▶ [What to produce]
The listing that follows should be copied in full and exactly, with no pictures.

▶ [Supplied records]
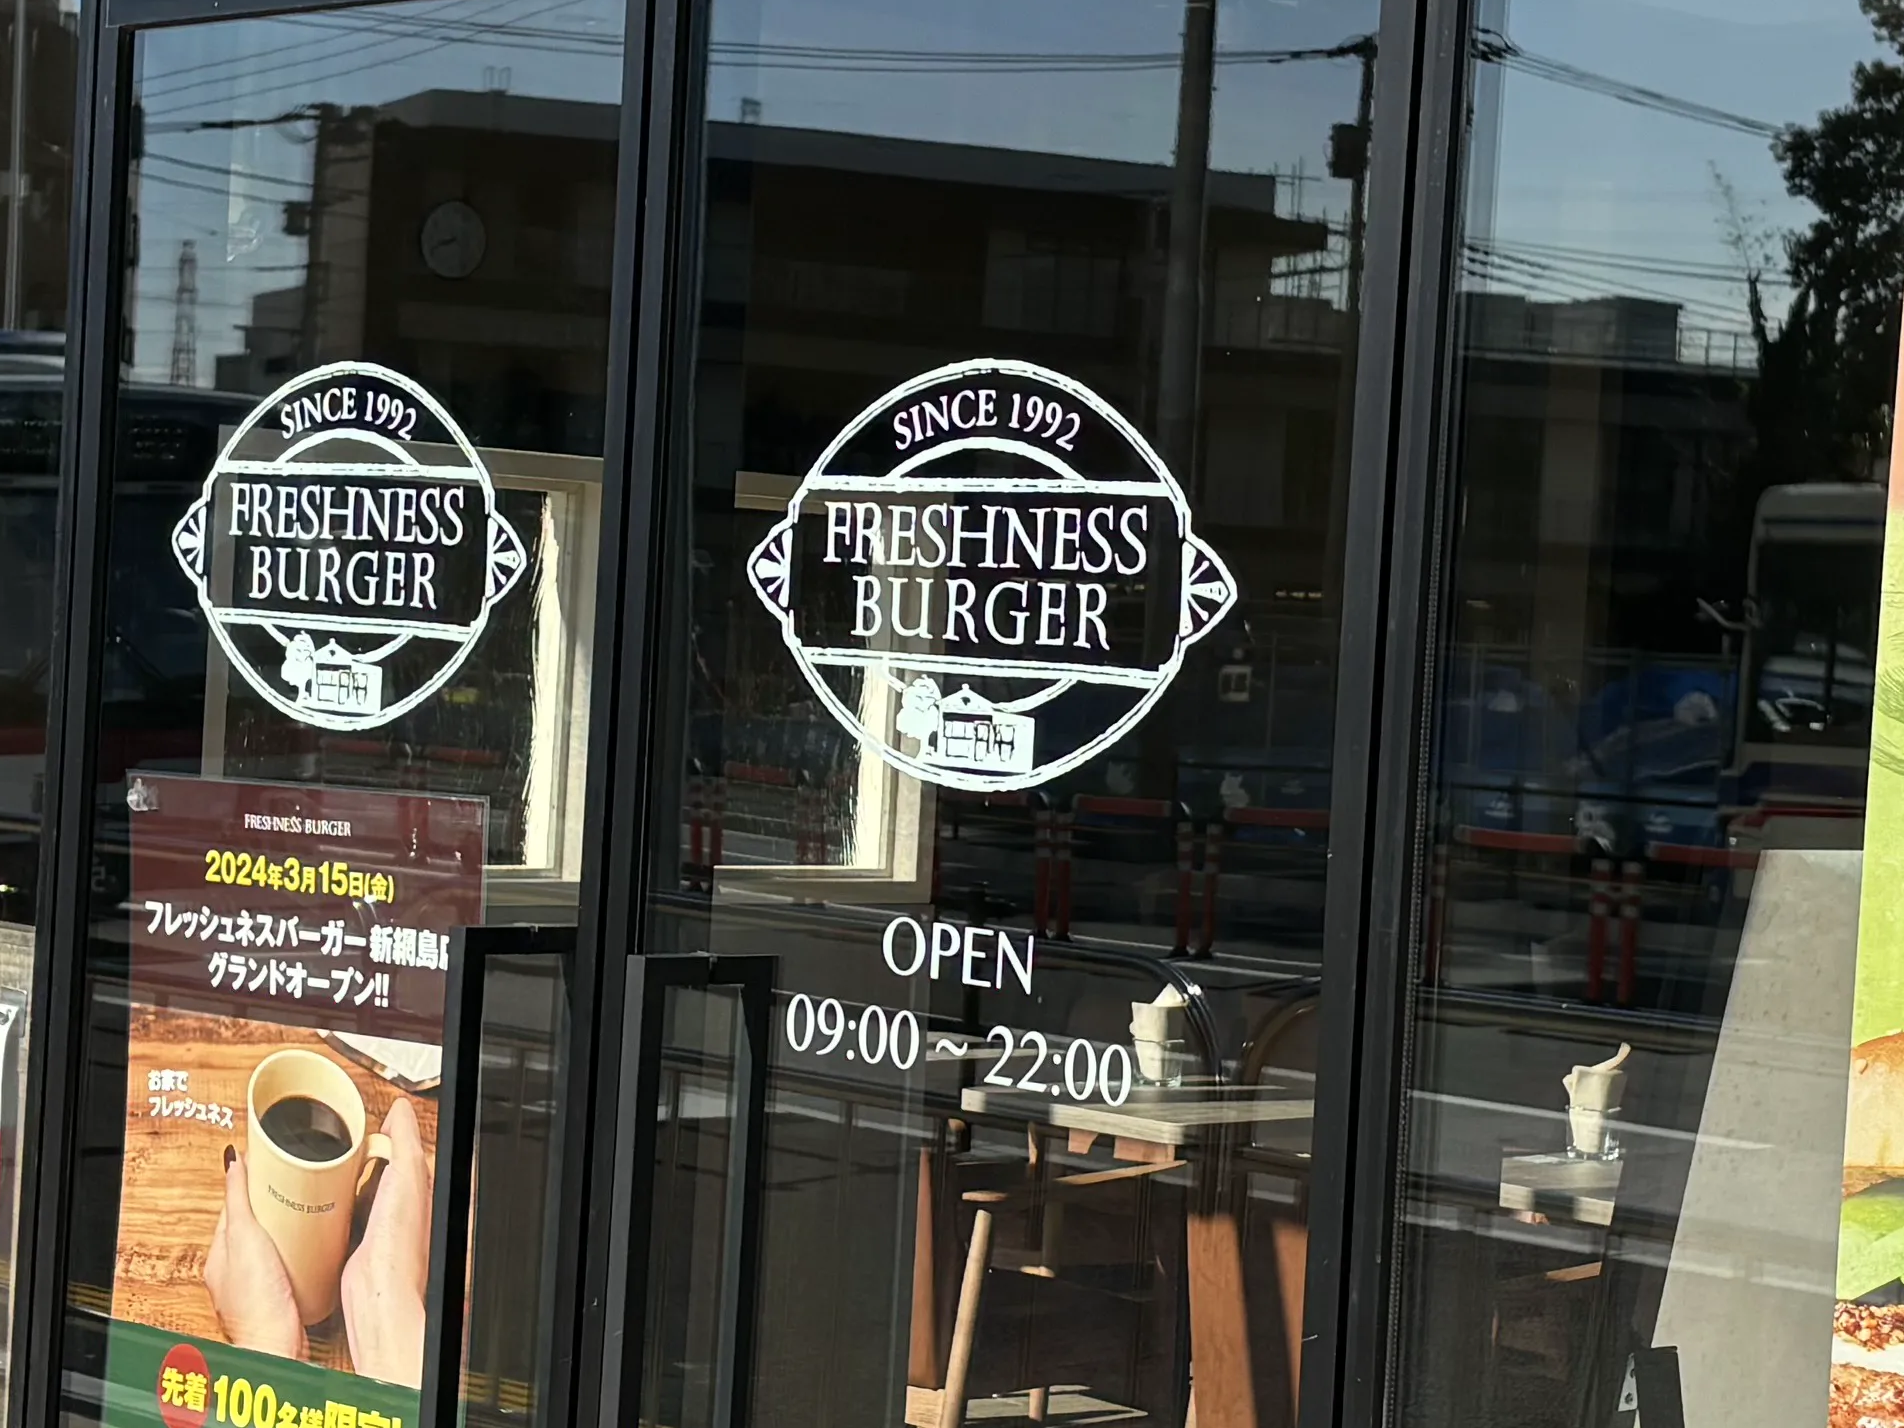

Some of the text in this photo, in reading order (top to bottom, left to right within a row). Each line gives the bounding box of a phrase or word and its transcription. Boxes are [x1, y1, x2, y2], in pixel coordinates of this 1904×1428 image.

[281, 387, 418, 441] SINCE 1992
[893, 389, 1082, 452] SINCE 1992
[228, 482, 465, 547] FRESHNESS
[823, 501, 1148, 576] FRESHNESS
[248, 546, 438, 610] BURGER
[851, 575, 1111, 651] BURGER
[244, 813, 352, 838] FRESHNESS BURGER
[205, 849, 394, 904] 2024年3月15日(金)
[882, 916, 1036, 995] OPEN
[785, 993, 920, 1071] 09:00
[983, 1024, 1132, 1108] 22:00
[148, 1097, 234, 1130] フレッシュネス
[161, 1366, 208, 1413] 先着

▶ [Response]
Some of the text in this photo, in reading order (top to bottom, left to right within a row). Each line gives the bounding box of a phrase or word and its transcription. Boxes are [x1, y1, x2, y2], in pixel coordinates of this 1904×1428 image.

[281, 387, 418, 441] SINCE 1992
[893, 389, 1082, 452] SINCE 1992
[228, 482, 465, 547] FRESHNESS
[823, 501, 1148, 576] FRESHNESS
[248, 546, 438, 610] BURGER
[851, 575, 1111, 651] BURGER
[244, 813, 352, 838] FRESHNESS BURGER
[205, 849, 394, 904] 2024年3月15日(金)
[882, 916, 1036, 995] OPEN
[785, 993, 920, 1071] 09:00
[983, 1024, 1132, 1108] 22:00
[148, 1097, 234, 1130] フレッシュネス
[161, 1366, 208, 1413] 先着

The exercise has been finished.